The Czech Republic is currently undertaking a major road build programme. In June 2008 Alfred Brunclik, the head of the Czech Republic’s Roads and Motorway Directorate (RSD) announced that the country’s entire motorway network build scheme would be completed in 2020. The country’s motorway network currently stretches for 1,022km, 136km is currently under construction and another 1,000km is due to be built by 2020.

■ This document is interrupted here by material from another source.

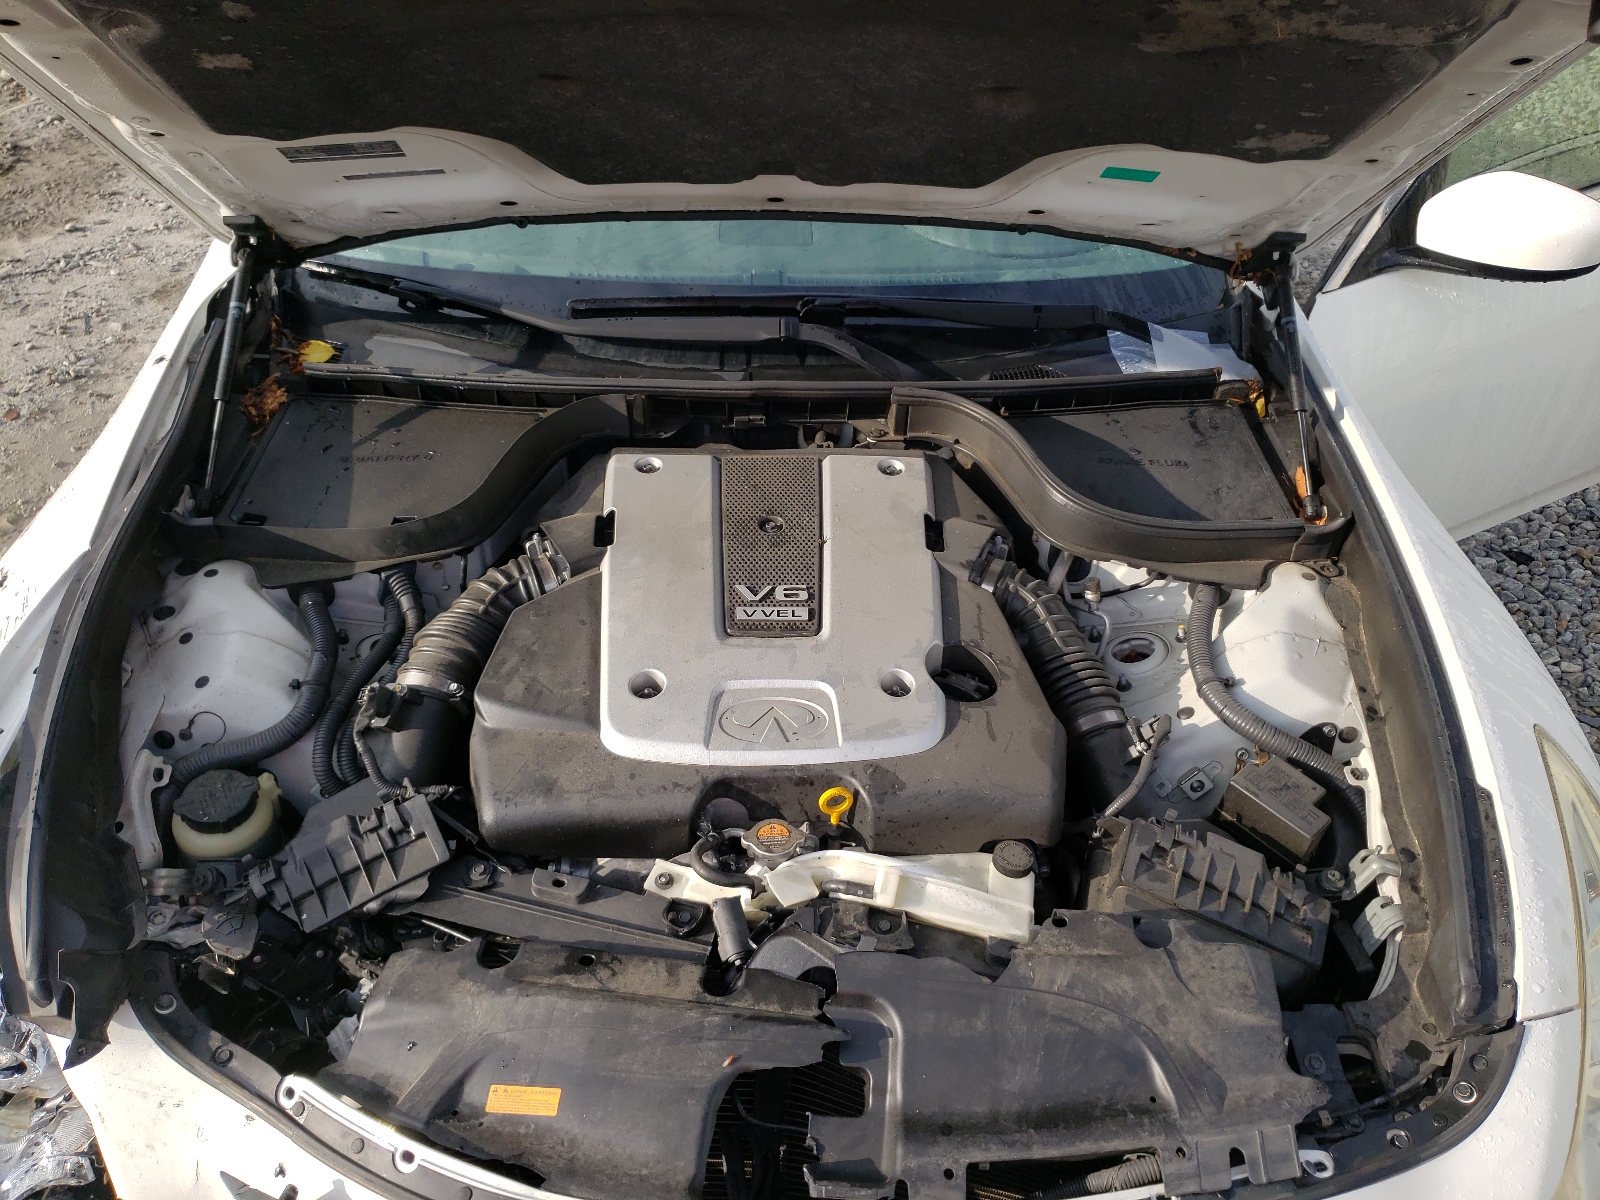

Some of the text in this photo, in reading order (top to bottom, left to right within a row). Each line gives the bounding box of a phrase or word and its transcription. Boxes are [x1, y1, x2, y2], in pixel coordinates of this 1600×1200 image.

[1147, 459, 1188, 468] FLUID
[734, 584, 809, 601] V6
[742, 609, 803, 618] VVEL

This quarter has seen the Czech Republic resurrect plans to expand its nuclear power sector. Plans for nuclear expansion in the Czech Republic were placed on hold in 2006 after the election of a coalition government which included the Green party as a junior partner. The tide appears to be turning with the Czech Prime Minister Mirek Topolanek stating that he is in favour of nuclear power. In May 2008 Vladimir Hlavinka, the Chief Production Officer at the Czech Republic power utility CEZ, announced that more nuclear power facilities must be developed in the Czech Republic over the mid term, in order to meet growing power demands. In a bid to push this forward CEZ announced in July 2008 that it had requested an environmental impact assessment (EIA) for the addition of two new units at the country’s existing Temelin nuclear power plant. Further developments to this nuclear plan will have to wait until a legislative election in the Czech Republic.

The country is registering medium growth in its construction sector. In 2008 the Czech construction industry is forecast to be worth US$12.64bn, a growth of 5.73% on 2007’s figure. The growth in the country’s construction sector is being fuelled by both residential build projects and commercial expansion. This quarter the Czech daily newspaper Mlada fronta Dnes reported that approximately 40 shopping centres are expected to be built in the country over the next three years.